O presidente da Câmara de Ovar, Salvador Malheiro, que também é vice-presidente do PSD, desdobrou-se em declarações após o anúncio da redução do isolamento profilático para os casos de infeção pelo novo coronavírus sem precisar de novos testes. O autarca alerta que tal medida comporta riscos acrescidos e maior incerteza. Salvador Malheiro dirige o concelho que viveu uma cerca sanitária em março.
Veio a público contestar a nova norma da Direção-Geral da Saúde que permite a um infetado com covid-19 assintomático sair do confinamento obrigatório ao fim de dez dias sem novo teste ao novo coronavírus. É crítico porque esta decisão pode alterar artificialmente os números da pandemia?
Em primeiro lugar, não sou médico, não sou profissional de saúde. Sou apenas alguém que está a gerir uma pandemia local num território desde março até hoje. Em nossa opinião, não estamos de acordo com esta norma.
Porquê?
Em primeiro lugar, pelo facto de colocar em risco aquilo que é a saúde pública; em segundo lugar, coloca muita responsabilidade em cima das empresas, (e também das escolas) e, por outro lado, também retira responsabilidade à Segurança Social ao nível das suas responsabilidades nas retribuições sociais em casos de isolamento profilático. Essas são as razões principais pelas quais eu tenho muitas reservas em relação a essa norma, ainda por cima num momento em que estamos a constatar um crescente incremento do número de infeções com a covid-19 e em que vários especialistas estão a apontar para números verdadeiramente enormes num futuro próximo. Creio que se está a arriscar muito com esta norma. Estamos a colocar um nível de incerteza muito grande. Esta era uma altura de estancarmos a pandemia, e não de proporcionarmos condições para que a pandemia se propagasse ainda mais. Ainda poderia dar de barato reduzir-se o tempo [de isolamento profilático]; agora, deixar de existir a necessidade de um teste negativo, creio que isso é muito, muito arriscado.
Mas é ou não é uma forma de aumentar artificialmente os números de recuperados?
Não quer dizer que isto seja uma estratégia para aumentar o número de doentes recuperados artificialmente, mas o certo é que quando esta norma entrar em vigor (só entra em vigor para os infetados depois de 15 de outubro), não tenho a menor dúvida de que o número de recuperados vai aumentar muito, tendo em conta o número de infeções que nós tivemos a partir do dia 15. Não sei se foi propositado ou não. O certo é que, com isto, vamos sentir um enorme aumento de recuperados. Mas o que mais me preocupa é a saúde pública. Não temos garantias completas de que essas pessoas, ao fim de dez dias, mesmo não fazendo testes, apesar de estarem assintomáticas, não sejam portadoras do vírus e não tenham capacidade de infeção nos seus contactos.
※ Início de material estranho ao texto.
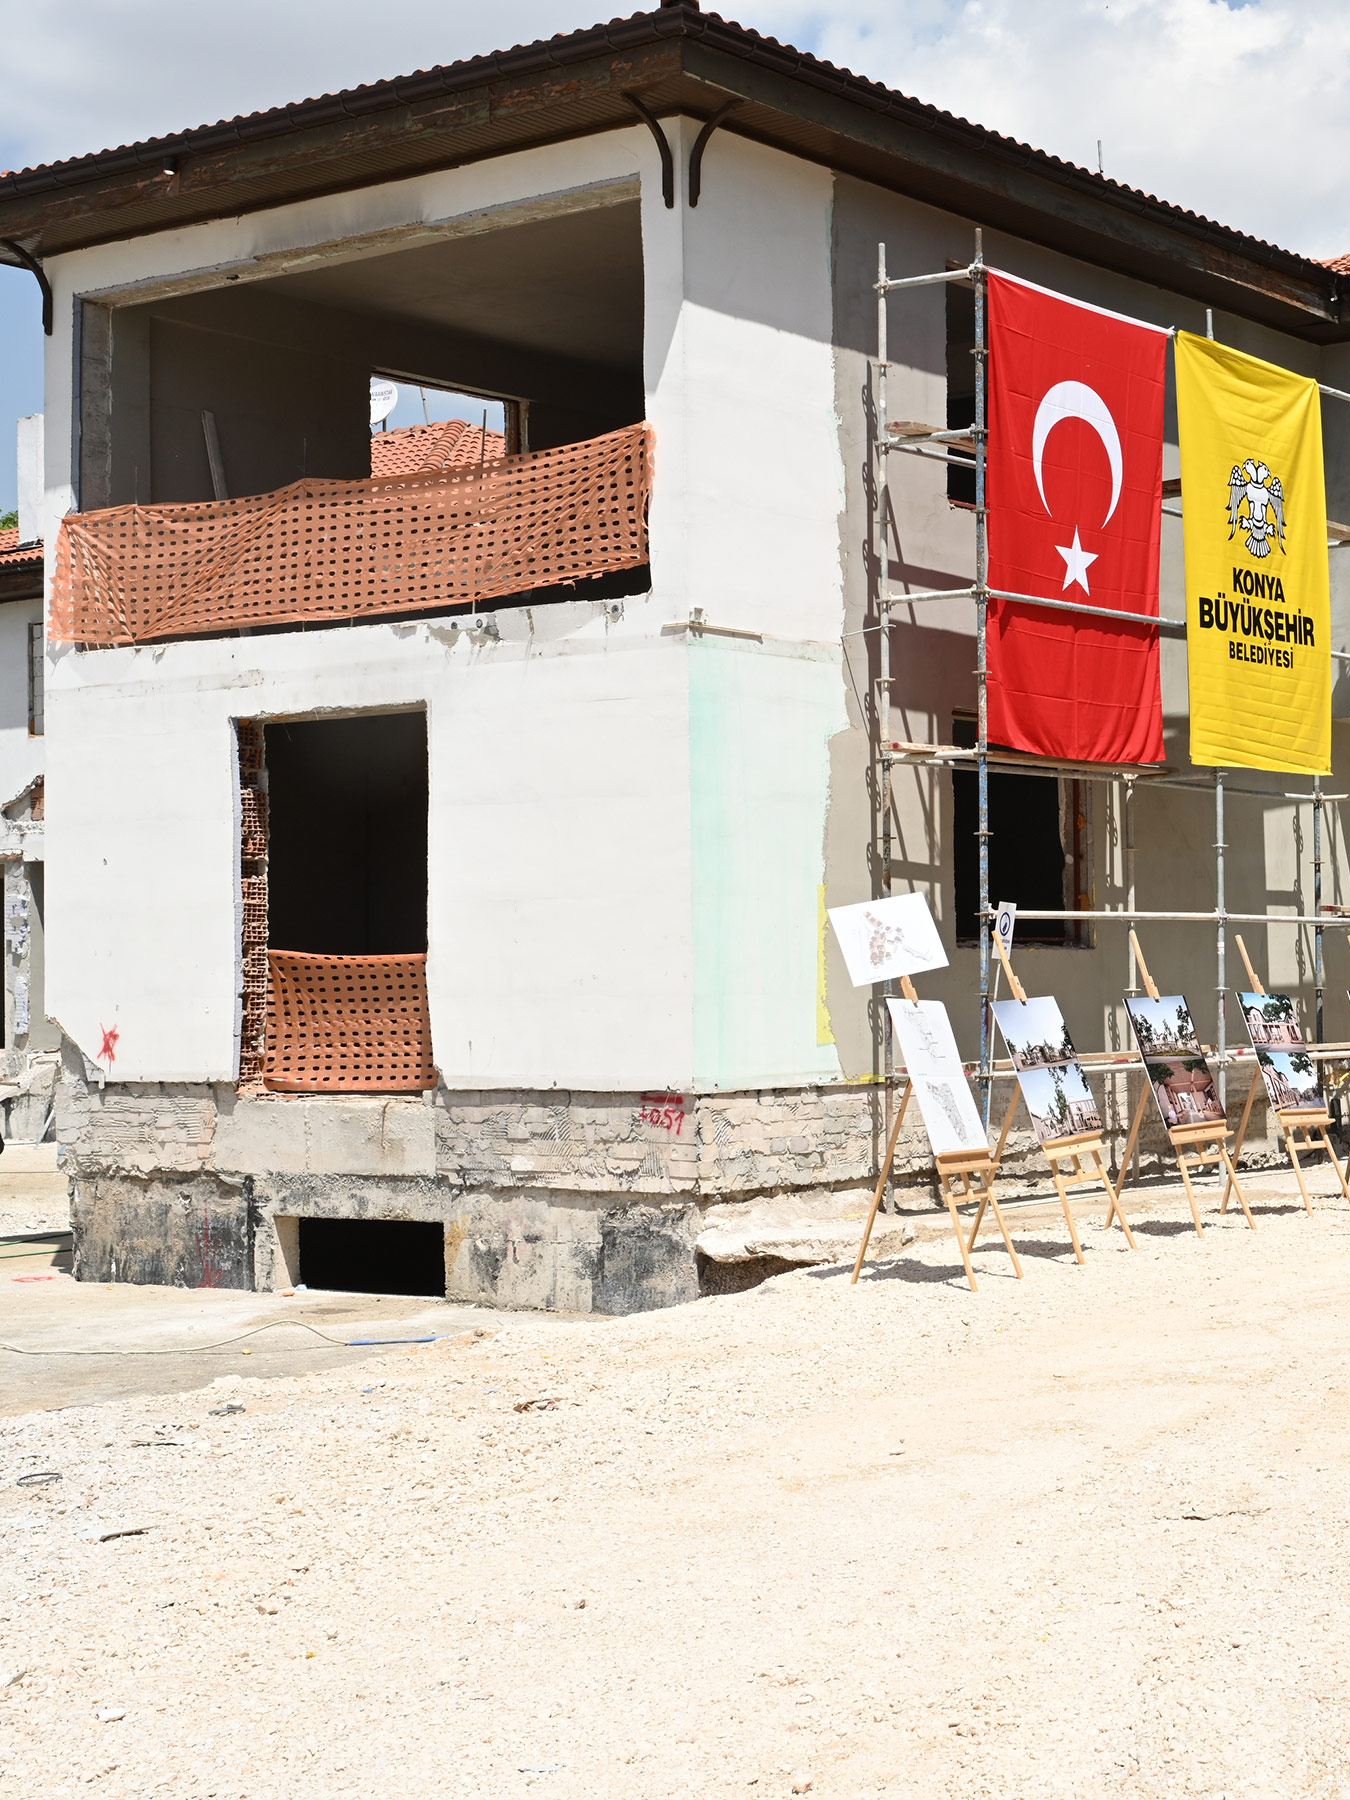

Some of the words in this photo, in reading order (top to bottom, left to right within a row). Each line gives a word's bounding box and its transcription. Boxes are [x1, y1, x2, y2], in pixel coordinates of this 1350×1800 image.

Acha que as autoridades de saúde estão a navegar à vista, a tomar decisões em cima do joelho?
Acho. Estamos a viver este problema desde março, há mais de meio ano, e é por demais evidente que já se apontava para uma segunda vaga. Que é real. Hoje constatamos uma contaminação comunitária praticamente em todo o país. E, portanto, questões como aumentar a capacidade de testagem, aumentar o número de profissionais de saúde prontos para fazer os contactos com os infetados, aumentar os profissionais de saúde para fazer os inquéritos epidemiológicos, tudo isso já deveria ter sido feito há muito, muito tempo. E não estarmos agora nesta situação de uma incerteza total. Todos os prognósticos, todas as estimativas apontam para um aumento enorme do número de casos. Acho que tem faltado muita coragem a este Governo no que diz respeito a esta matéria. Não devemos estar a adiar medidas que já deveríamos ter tomado há mais tempo, inclusivamente algumas restrições ao nível da mobilidade. Estou a falar designadamente de confinamentos, que já deveriam ter acontecido em locais muito precisos. Nunca falar de municípios, de regiões – não é isso que está aqui em causa, mas restrições locais à escala de um bairro, à escala de uma rua, à escala de uma freguesia onde tem sido por demais evidente essa tal contaminação comunitária, onde já devíamos ter atuado, sobretudo para estancar a propagação da pandemia.
Ou seja, o que está a dizer é que o Governo não teve mão firme.
Não tem tido mão firme, está a gerir para o dia seguinte e não tem sido prospetivo para ter aqui medidas que possam ter resultados e consequências a médio e longo prazo. Neste momento estamos a viver um período crítico.